JPH0282280A - Toner thermal fixation mechanism for recorder - Google Patents

Abstract

PURPOSE:To reliably adjust the feeding speed of a recording paper according to the secular change of the diameter of a heat roller by adjusting the rotating speed of the heat roller according to an accumulated energizing time measured with the aid of a measuring means and keeping the feeding speed of the recording paper constant. CONSTITUTION:In a toner thermal fixation mechanism 20, the measuring means 26 measures the accumulated energizing time for the heat roller 21 having functional relation to the secular change of the diameter of the heat roller 21 and an adjusting means consisting of a servo motor 24, a motor driving circuit 25 and a control circuit 27 adjusts the rotating speed of the heat roller 21 according to the accumulated energizing time so as to keep the feeding speed of the recording paper constant. Thus, the feeding speed of the recording paper in the toner thermal fixation mechanism 20 can be reliably adjusted according to the secular change of the diameter of the heat roller 21.

Description

[Detailed Description of the Invention] [Summary] Regarding a toner heat fixing mechanism incorporated in an electrostatic recording device using toner, the present invention particularly relates to a toner heat fixing mechanism that is incorporated in an electrostatic recording device that uses toner, and is particularly applicable to color recording using toner of at least two of yellow, magenta, cyan, and black. The present invention relates to a toner heat fixing mechanism suitable for a recording apparatus in which the toner heat fixing mechanism is capable of adjusting the recording paper feeding speed in the toner heat fixing mechanism to one set according to the change in diameter of the heat roller over time. a measuring means for measuring the cumulative energization time to the heat roller;
A toner heat fixing mechanism characterized by comprising: an adjusting means for maintaining a constant recording paper feeding speed by adjusting the rotational speed of a heat roller and a backup roller according to a cumulative energization time measured by a measuring means. Configure.
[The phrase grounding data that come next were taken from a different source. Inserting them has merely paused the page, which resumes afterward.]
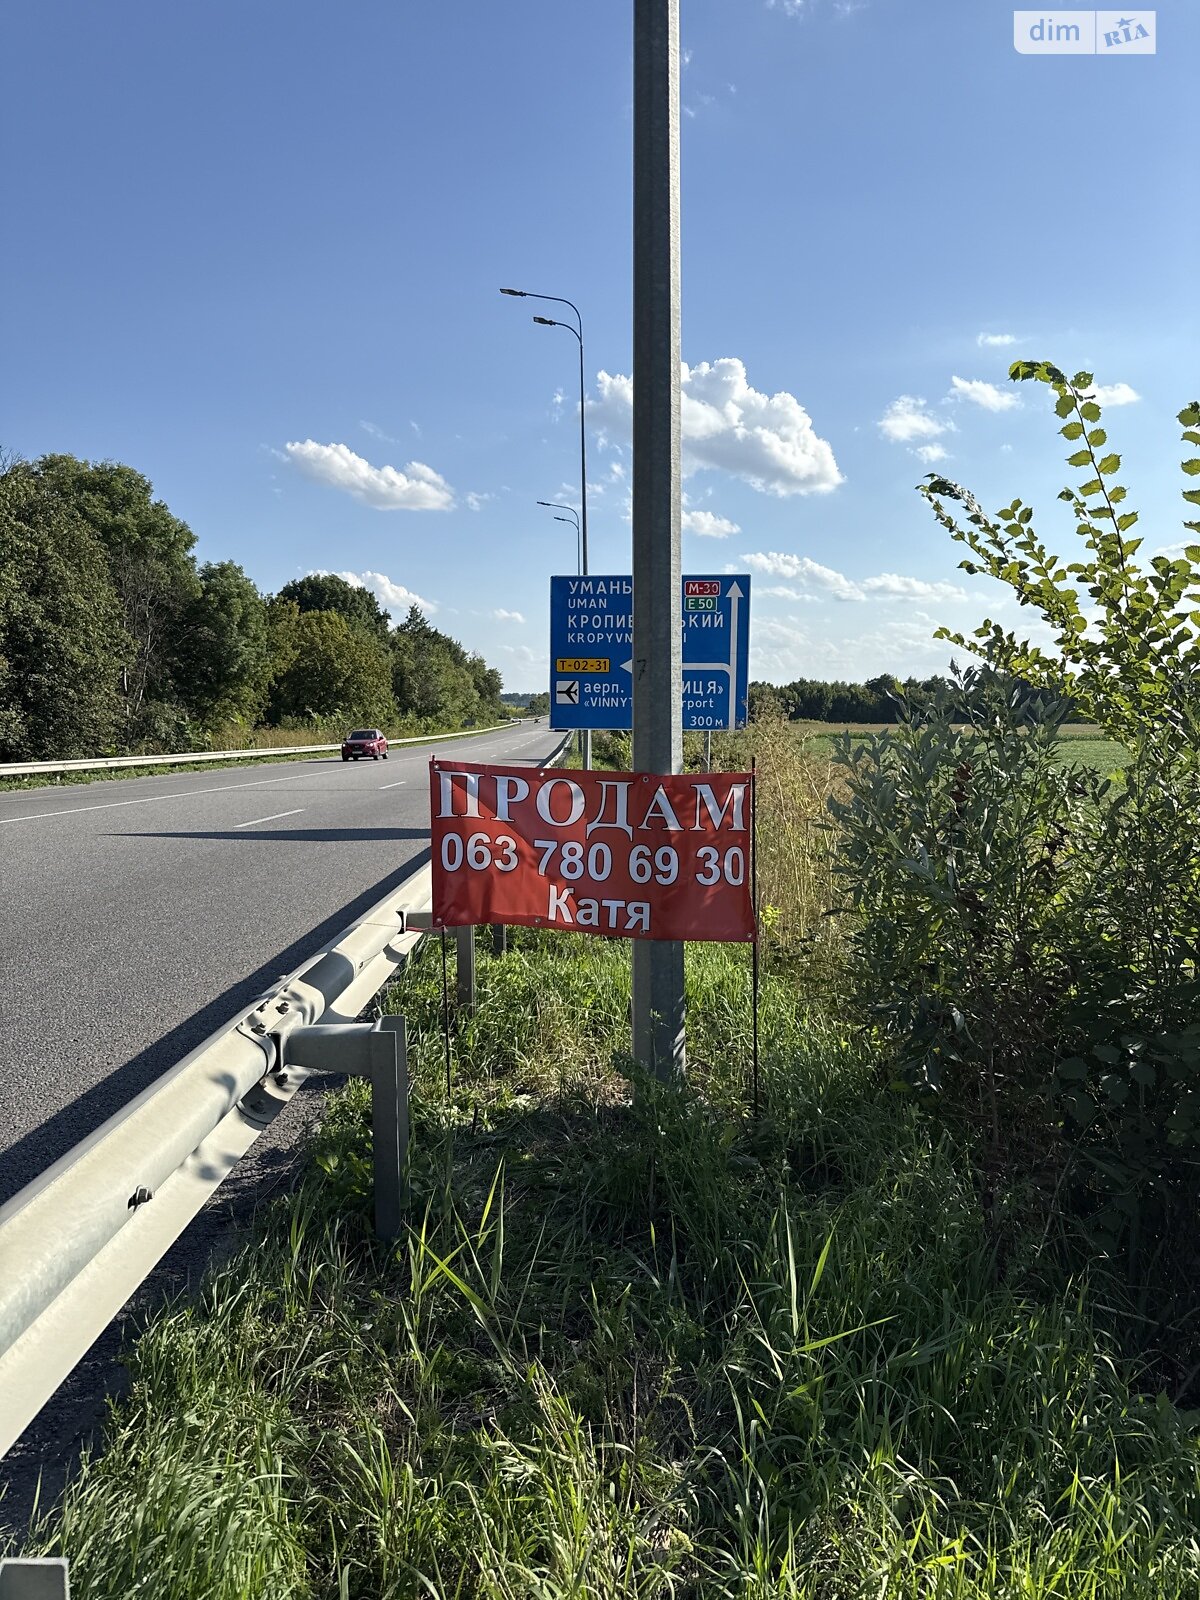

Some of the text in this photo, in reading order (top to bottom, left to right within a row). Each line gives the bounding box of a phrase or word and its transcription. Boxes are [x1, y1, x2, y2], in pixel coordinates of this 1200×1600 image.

[568, 581, 632, 594] УМАНЬ
[568, 598, 607, 608] UMAN
[584, 683, 624, 696] аерп.
[690, 716, 713, 726] 300
[435, 770, 749, 841] ПРОДАМ
[441, 832, 745, 886] 063 780 69 30
[547, 884, 650, 931] Катя
[Industrial application field]

The present invention relates to a toner heat fixing mechanism incorporated in a recording device using toner, and particularly a toner heat fixing mechanism suitable for a recording device that performs color recording using toner of at least two colors of yellow, magenta, cyan, and black. Regarding.

[Conventional technology]

2. Description of the Related Art An electrophotographic recording device is known as a typical electrostatic recording device that uses toner as a recording medium. The recording process of an electrophotographic recording device includes an electrostatic latent image forming stage in which a photosensitive drum is charged and then exposed to light to form an electrostatic latent image on the photosensitive drum; There is a toner development stage in which an image is developed with toner, a toner transfer stage in which the developed toner is transferred to recording paper, and a toner fixation stage in which the transferred toner is thermally fixed.

Referring to FIG. 5, there is shown an outline of an electrophotographic recording apparatus that performs color recording using toners of four colors: yellow, magenta, cyan, and black. In FIG. 5, 1 is a recording paper cassette, 2 is a feeding roller, 3 is a registration roller, 4 is a gripper, 5 is an endless belt that conveys the gripper 4, and 6 is a drive pulley for the endless belt 5. Additionally, four toner recording machines 7V7 are installed along the upper running portion of the endless belt 5.
,．． 7c and 7. are arranged, and these toner recording machines 7
y, 7M, 7. and 7. are designed to record using yellow toner, magenta toner, cyan toner, and black toner, respectively. A plurality of recording papers S are held in a recording paper cassette 1, and the recording papers S are fed out one by one by a feeding roller 2. The recording paper S fed out by the feeding roller 2 is temporarily stopped by the registration roller 3, and after the timing with the gripper 4 is determined, the recording paper S is moved by the registration roller 3 at a speed that is somewhat higher than the moving speed of the gripper 4. sent out. When the leading end of the recording paper S is engaged with the gripper 4, the gripper 4
is closed by a suitable cam mechanism (not shown) to grip the recording paper S, and thereby the recording paper S is moved onto the endless belt 5.
Four toner recording machines were removed due to the movement of , IM, 1
It will pass through C and 7 degrees sequentially. Note that after the recording paper S is fed out by the registration rollers 3, the registration rollers 3 return to rotation at a predetermined constant speed.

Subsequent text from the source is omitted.